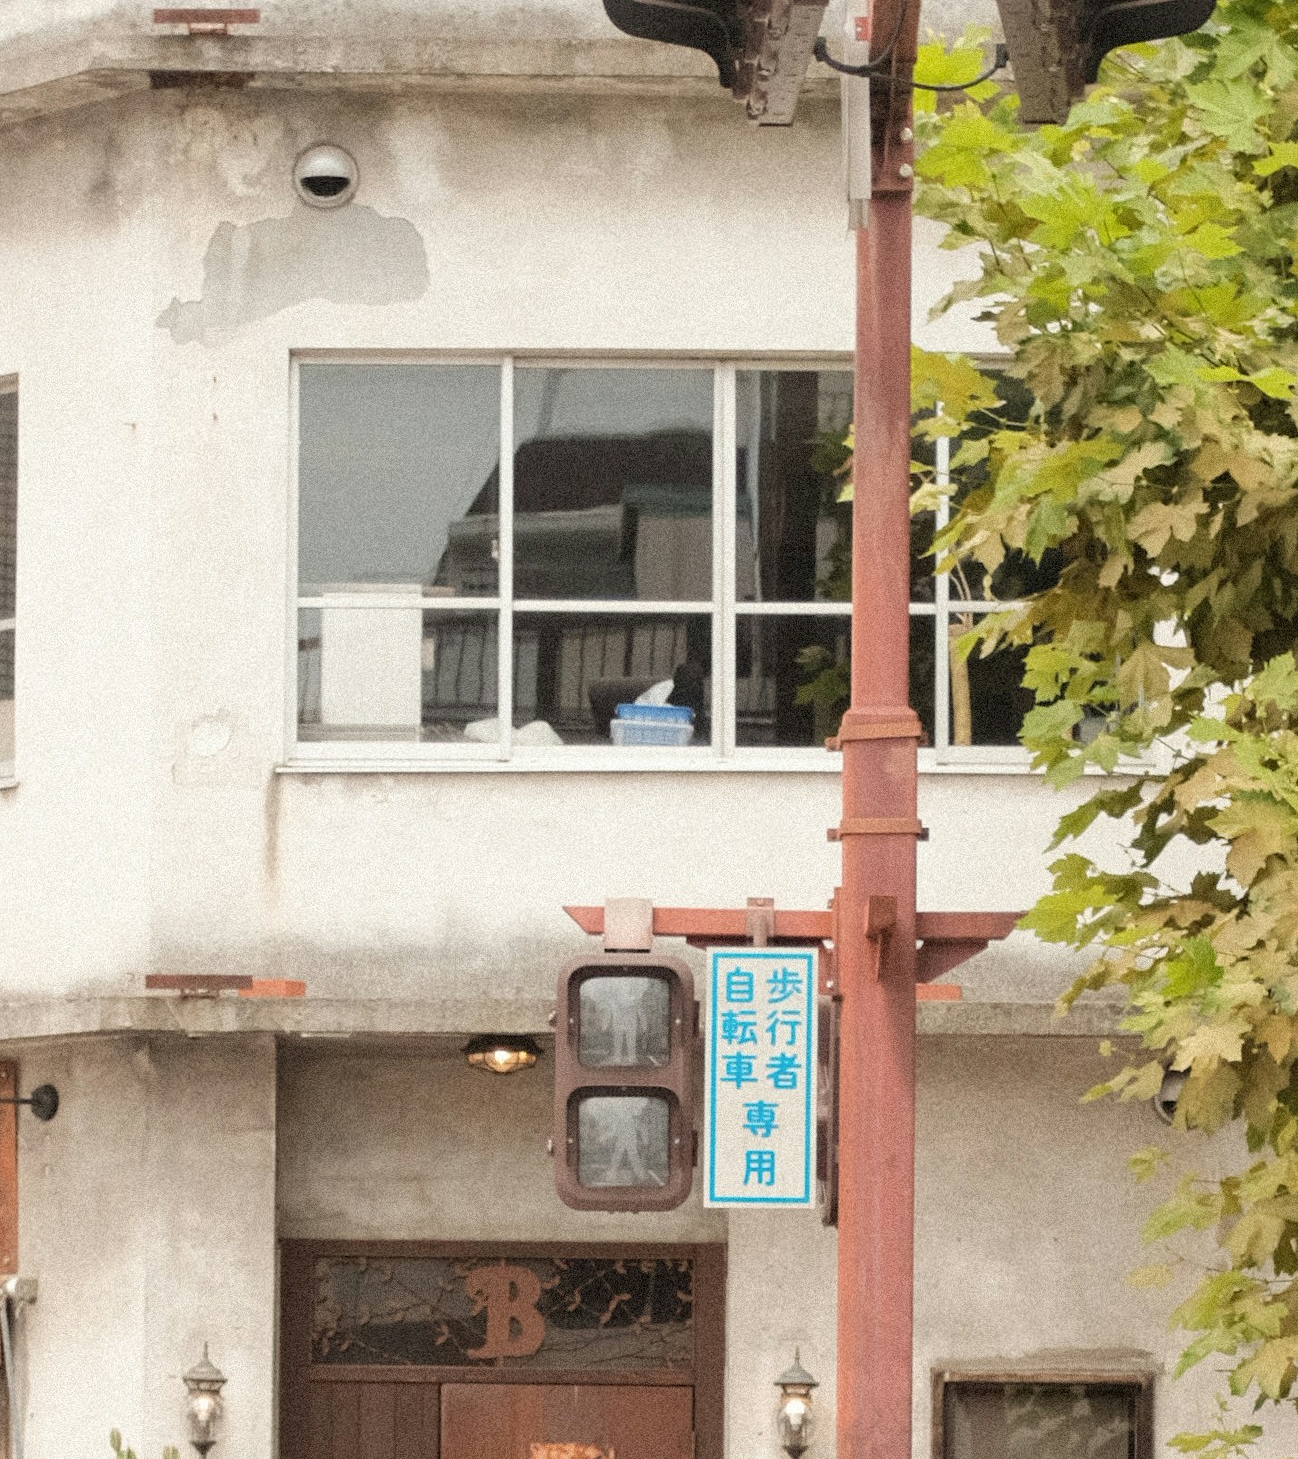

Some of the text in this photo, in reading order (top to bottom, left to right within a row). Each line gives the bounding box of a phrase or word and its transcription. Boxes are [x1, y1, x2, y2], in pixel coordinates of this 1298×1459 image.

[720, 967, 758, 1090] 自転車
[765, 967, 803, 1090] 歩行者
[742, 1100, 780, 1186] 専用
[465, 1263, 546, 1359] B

Aim of the exercise:
Return the listing verbatim; pictures are not part of the copy.

Result below:
Some of the text in this photo, in reading order (top to bottom, left to right within a row). Each line gives the bounding box of a phrase or word and its transcription. Boxes are [x1, y1, x2, y2], in pixel coordinates of this 1298×1459 image.

[720, 967, 758, 1090] 自転車
[765, 967, 803, 1090] 歩行者
[742, 1100, 780, 1186] 専用
[465, 1263, 546, 1359] B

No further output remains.